## EXERCISE
All of the listing must be given again exactly, except that the images are dropped.

## EXTRACTED MATERIAL

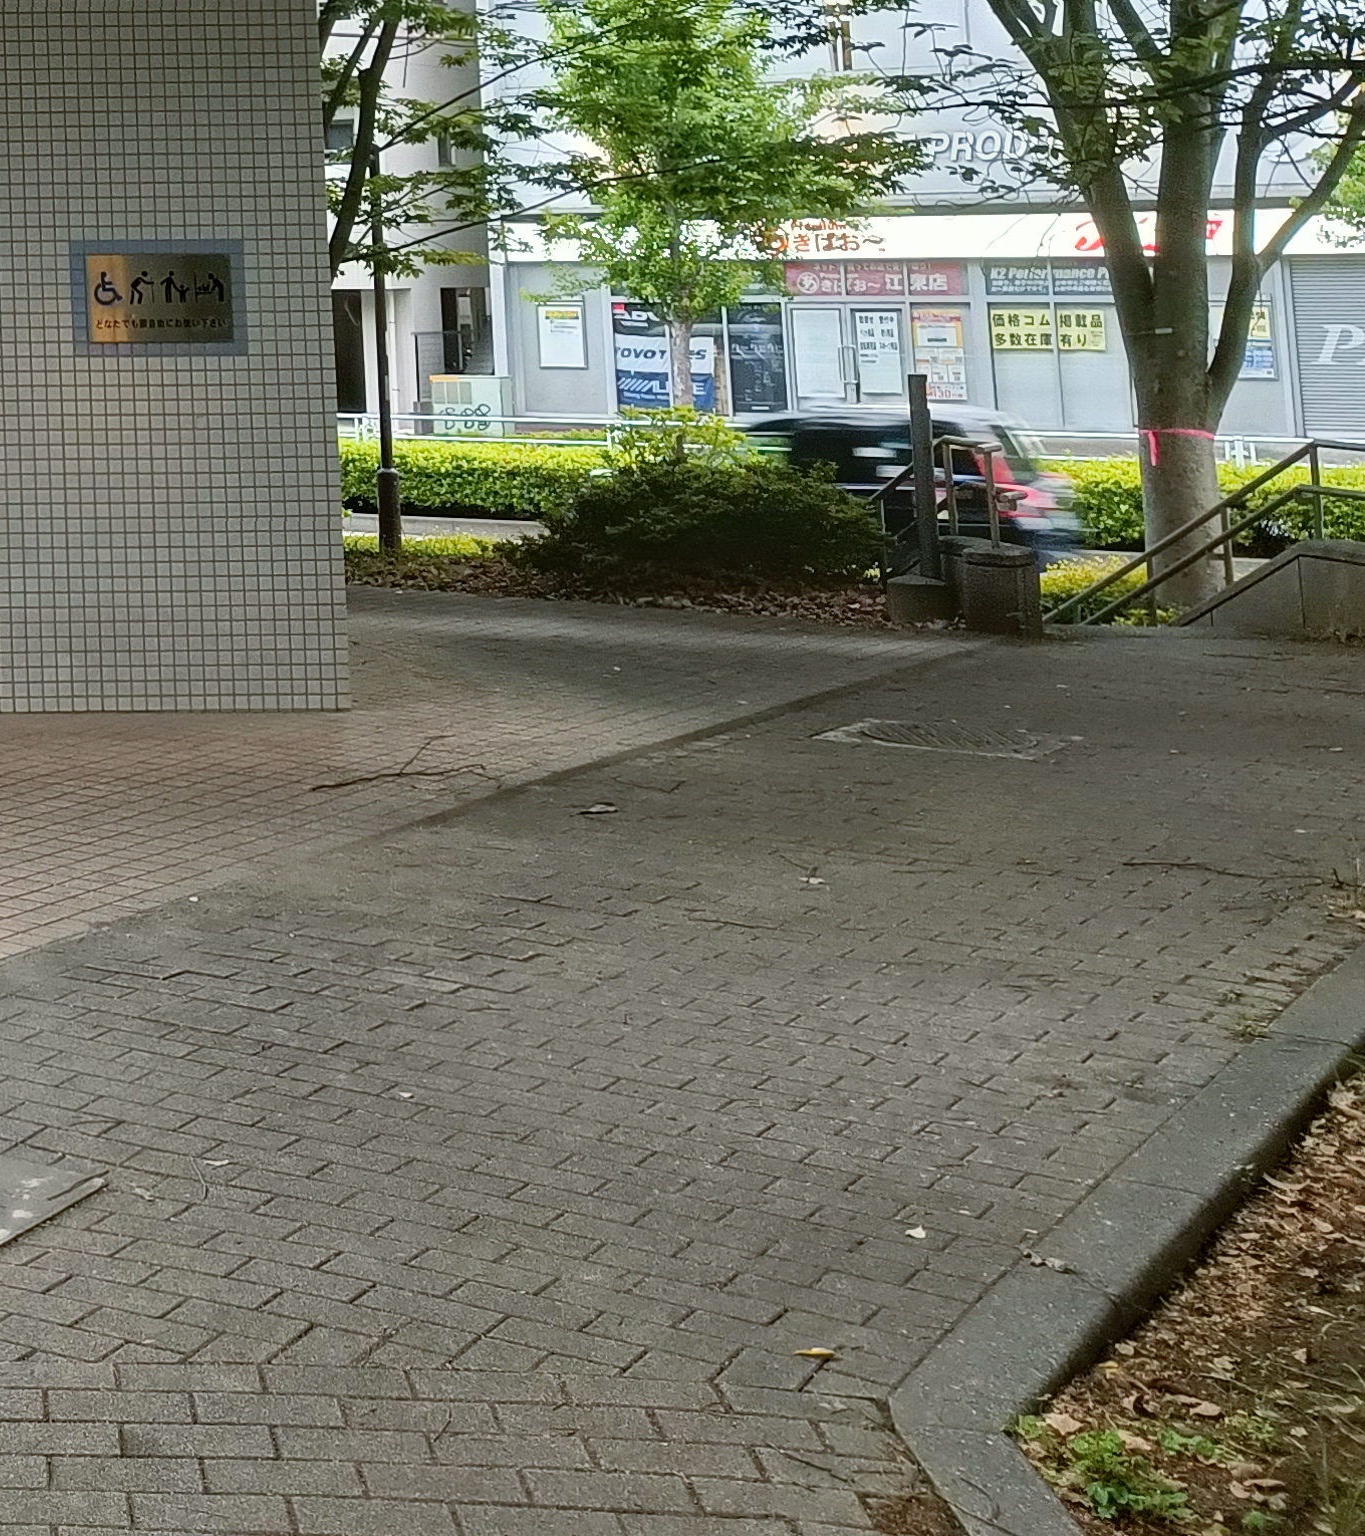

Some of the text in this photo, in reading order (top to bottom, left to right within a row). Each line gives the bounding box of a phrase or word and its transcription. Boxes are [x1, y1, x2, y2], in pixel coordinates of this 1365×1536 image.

[931, 130, 1028, 162] PROD
[614, 310, 660, 321] ADV
[1311, 324, 1365, 365] P
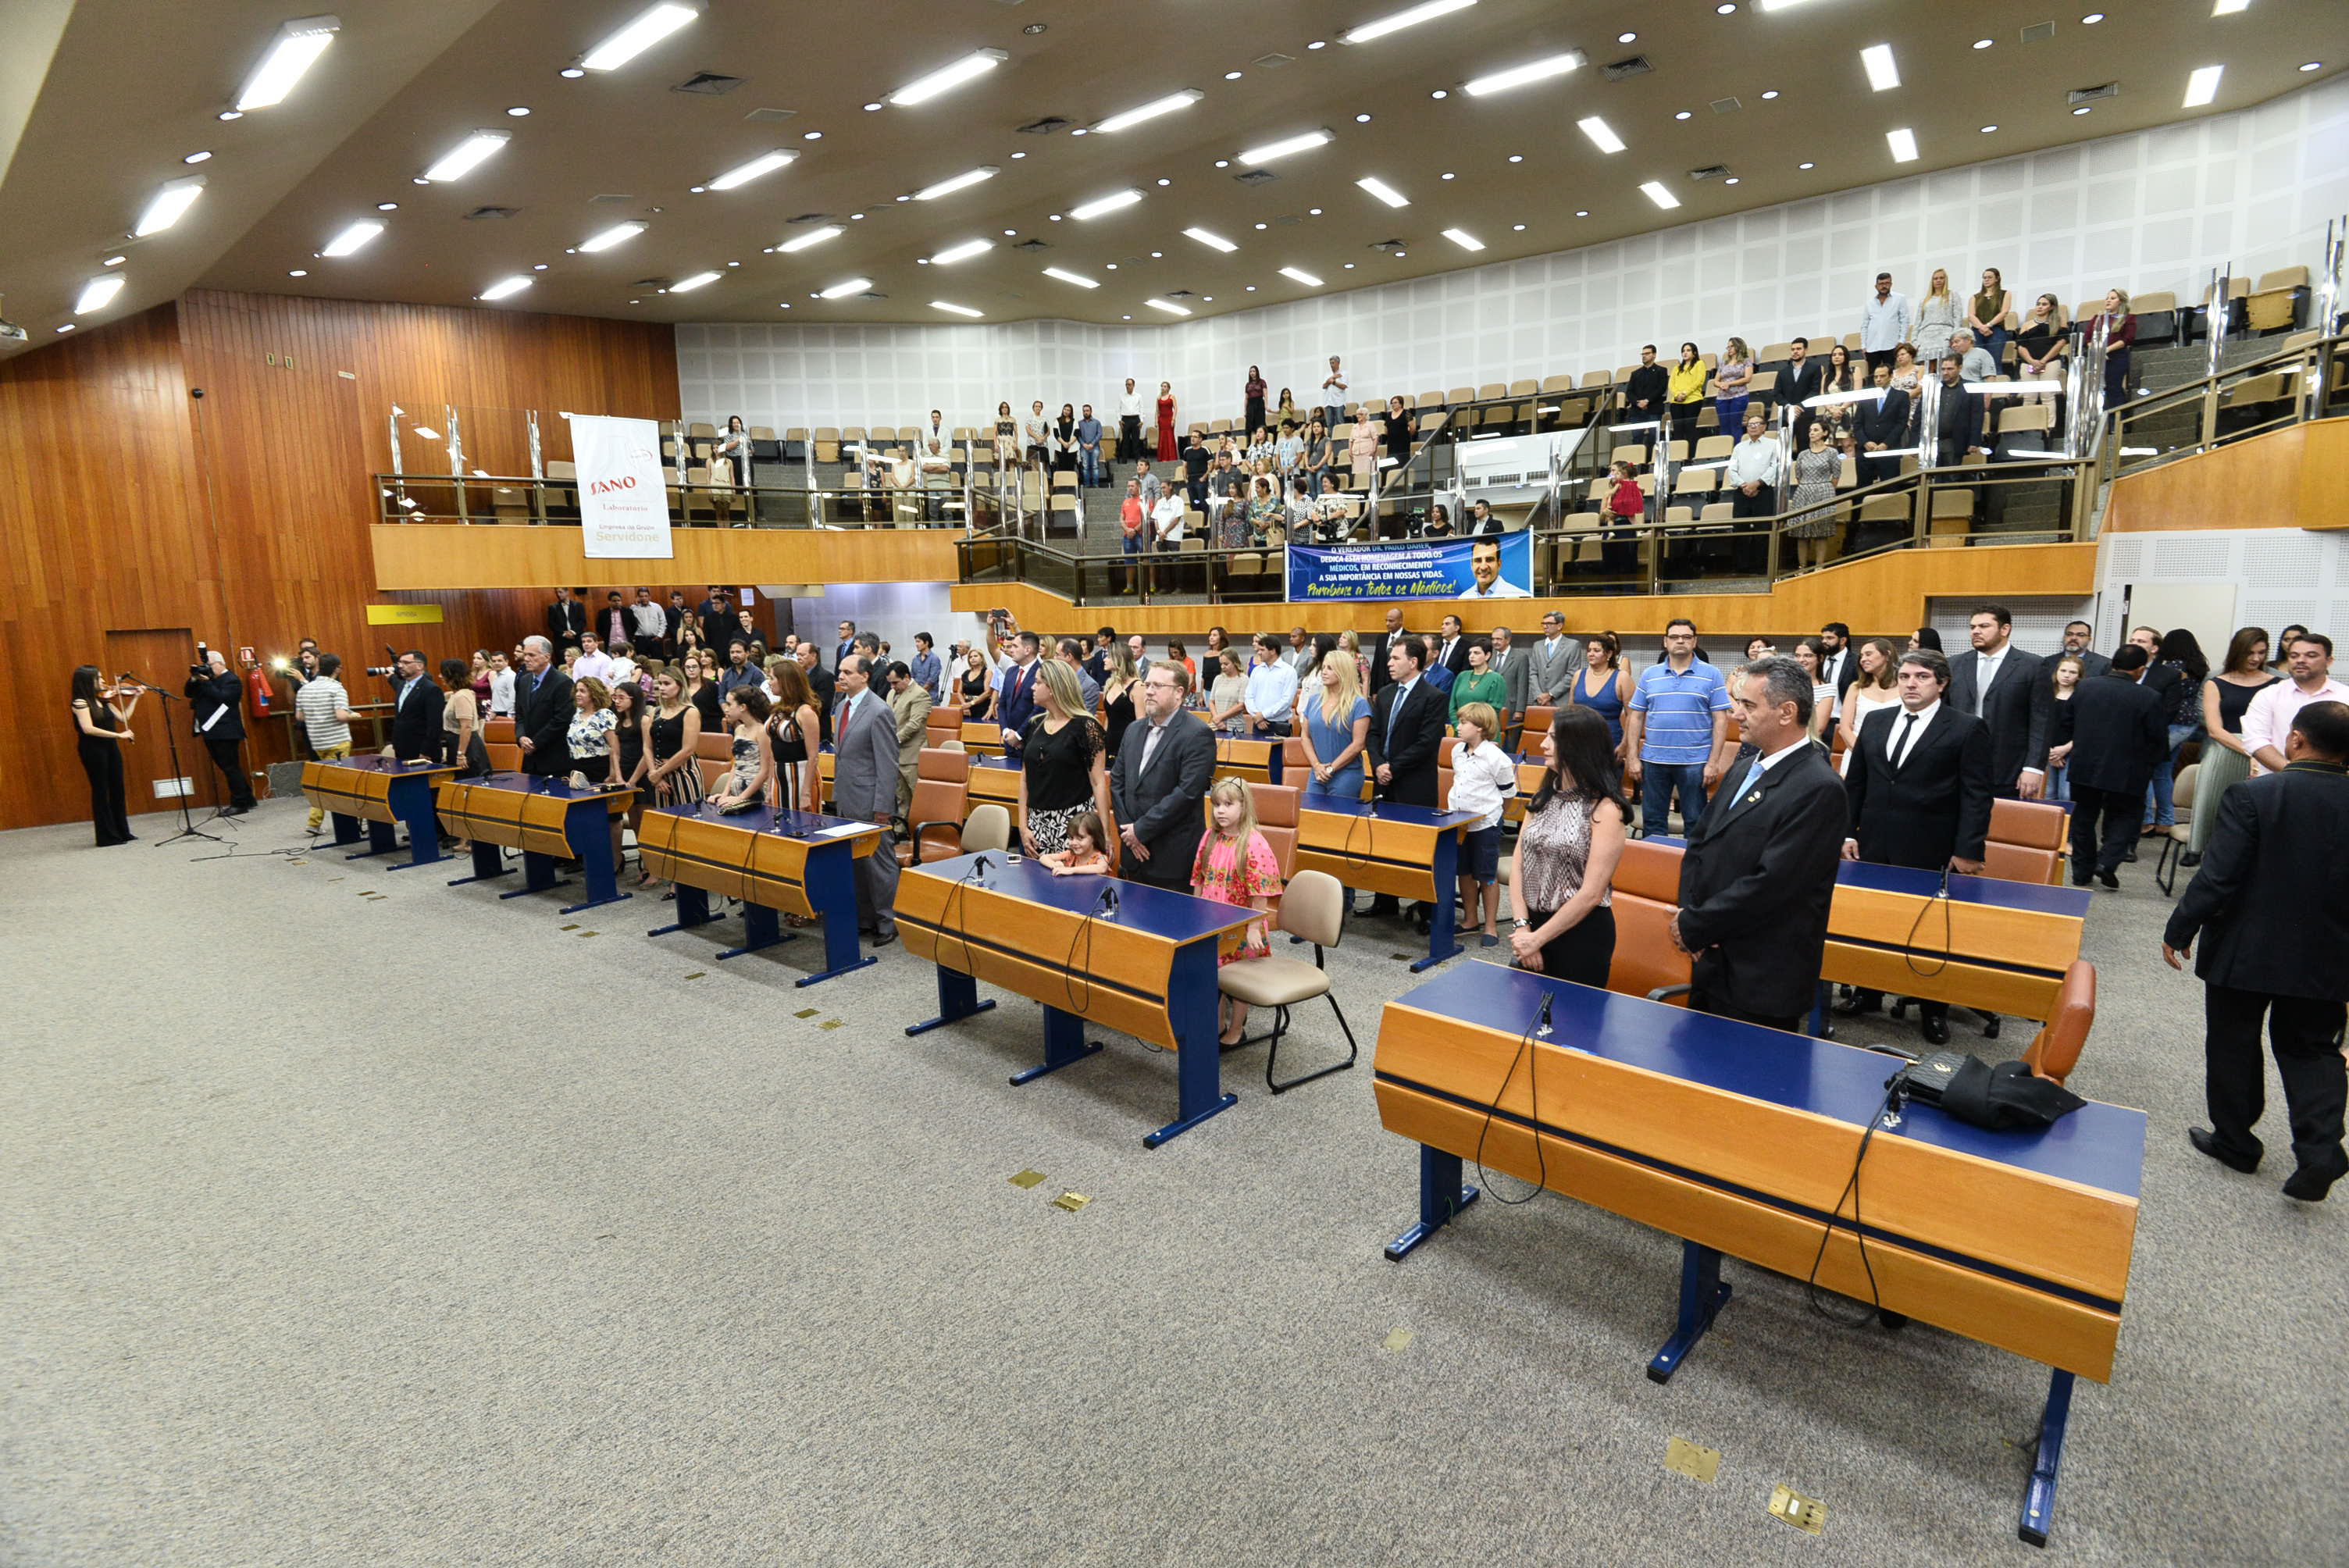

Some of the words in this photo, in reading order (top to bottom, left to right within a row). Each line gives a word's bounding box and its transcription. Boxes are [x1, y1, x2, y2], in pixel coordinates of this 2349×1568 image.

[590, 476, 636, 495] SANO
[596, 531, 660, 542] Servidone
[1329, 563, 1359, 572] MÉDICOS,
[1372, 561, 1433, 571] RECONHECIMENTO
[1338, 572, 1381, 581] IMPORTÂNCIA
[1395, 571, 1420, 579] NOSSAS
[1307, 583, 1353, 597] Parabéns
[1356, 586, 1363, 596] a
[1395, 584, 1407, 595] os
[1410, 579, 1456, 596] Médicos!
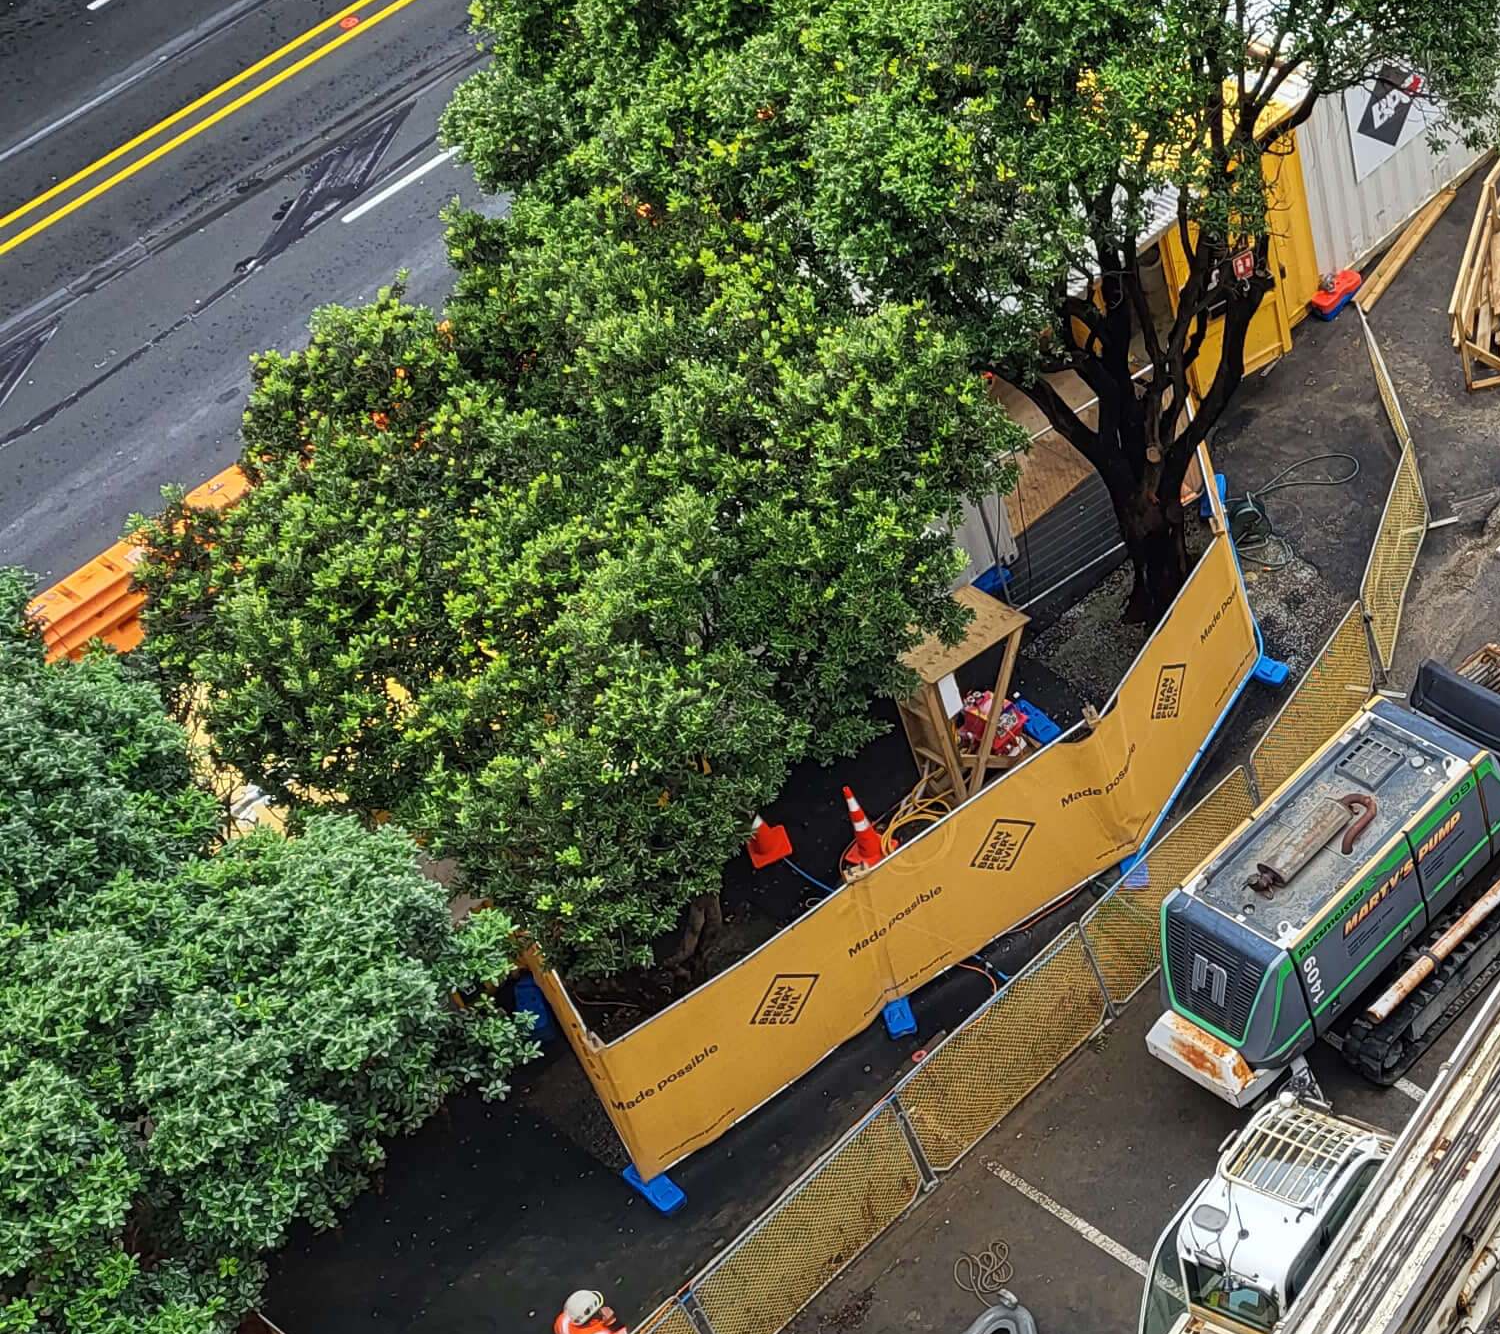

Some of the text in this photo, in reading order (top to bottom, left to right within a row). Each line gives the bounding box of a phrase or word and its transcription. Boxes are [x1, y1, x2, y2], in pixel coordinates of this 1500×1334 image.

[1200, 610, 1221, 644] Made
[1061, 787, 1103, 808] Made
[976, 829, 1004, 869] BRIAN
[986, 830, 1013, 871] PERRY
[995, 840, 1019, 871] CIVIL
[1343, 857, 1415, 941] MARTY'S
[1417, 810, 1462, 866] PUMP
[848, 885, 944, 958] Made possible
[1298, 886, 1367, 958] Putzmeister
[1303, 955, 1326, 1005] 1409
[758, 985, 787, 1025] BRIAN
[768, 984, 797, 1025] PERRY
[778, 992, 804, 1025] CIVIL
[610, 1043, 720, 1113] Made possible

## RESULT OF THE EXERCISE
Some of the text in this photo, in reading order (top to bottom, left to right within a row). Each line gives the bounding box of a phrase or word and its transcription. Boxes are [x1, y1, x2, y2], in pixel coordinates of this 1365×1536 image.

[931, 130, 1028, 162] PROD
[614, 310, 660, 321] ADV
[1311, 324, 1365, 365] P

Some of the words in this photo, in reading order (top to bottom, left to right within a row). Each line gives a word's bounding box and its transcription. Boxes are [x1, y1, x2, y2], in pixel coordinates of this 2349×1568 image.

[590, 476, 636, 495] SANO
[596, 531, 660, 542] Servidone
[1329, 563, 1359, 572] MÉDICOS,
[1372, 561, 1433, 571] RECONHECIMENTO
[1338, 572, 1381, 581] IMPORTÂNCIA
[1395, 571, 1420, 579] NOSSAS
[1307, 583, 1353, 597] Parabéns
[1356, 586, 1363, 596] a
[1395, 584, 1407, 595] os
[1410, 579, 1456, 596] Médicos!

Some of the text in this photo, in reading order (top to bottom, left to right within a row). Each line gives the bounding box of a phrase or word and its transcription. Boxes are [x1, y1, x2, y2], in pixel coordinates of this 1500×1334 image.

[1200, 610, 1221, 644] Made
[1061, 787, 1103, 808] Made
[976, 829, 1004, 869] BRIAN
[986, 830, 1013, 871] PERRY
[995, 840, 1019, 871] CIVIL
[1343, 857, 1415, 941] MARTY'S
[1417, 810, 1462, 866] PUMP
[848, 885, 944, 958] Made possible
[1298, 886, 1367, 958] Putzmeister
[1303, 955, 1326, 1005] 1409
[758, 985, 787, 1025] BRIAN
[768, 984, 797, 1025] PERRY
[778, 992, 804, 1025] CIVIL
[610, 1043, 720, 1113] Made possible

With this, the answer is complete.